Eco-Friendly Encapsulation of Metal Clusters in Porous Organic Cages for Engineerable Microenvironment and Enhanced Catalysis

Developing artificial catalysts that mimic the functionality of enzymes and adapt to the surrounding microenvironment to achieve specific activity and selectivity is a fascinating research area yet remains a great challenge. In this work, we present a meticulously designed strategy for the successful encapsulation of ultrasmall metal clusters (MCs) within an amine-type porous organic cage (POC) through electrostatic complexation, phase transfer, and alcohol reduction processes. The amine cage showcases an intriguing and customizable feature that allows for the regulation of the surrounding microenvironment of the confined MCs through a feasible postmodification approach.
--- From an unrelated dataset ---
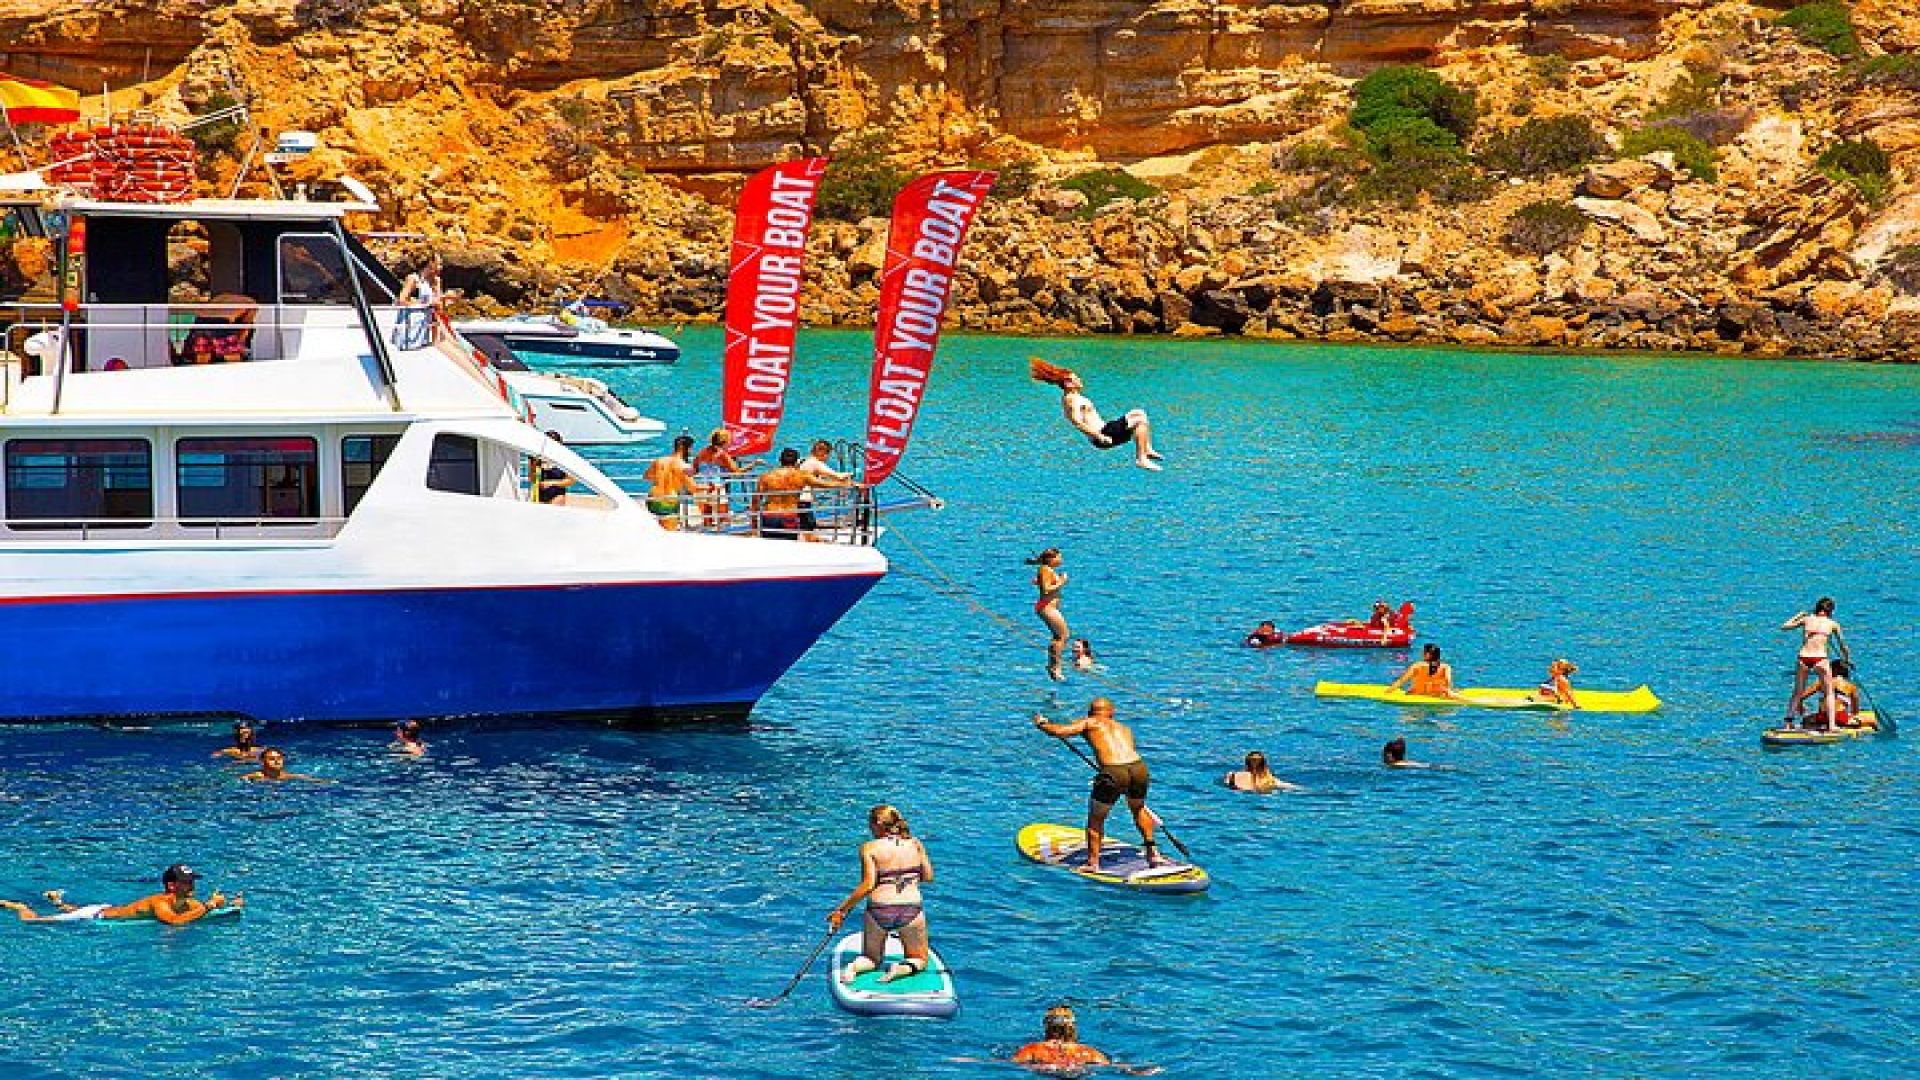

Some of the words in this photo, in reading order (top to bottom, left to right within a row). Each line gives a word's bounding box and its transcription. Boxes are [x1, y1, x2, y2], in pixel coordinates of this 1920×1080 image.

This functionalization of cage skeleton further facilitates precise adjustment to the surface electronic state of Pd cluster, thereby influencing the adsorption behavior of substrate. Consequently, this controlled regulation leads to modified activity and chemoselectivity in the catalytic hydrogenation of halogenated nitrobenzene. Importantly, the investigation of the correlation between the surrounding microenvironment, substrate adsorption, and catalytic performance in the POC-immobilized MCs system has not been previously reported. We anticipate that our research will provide valuable insights in this field.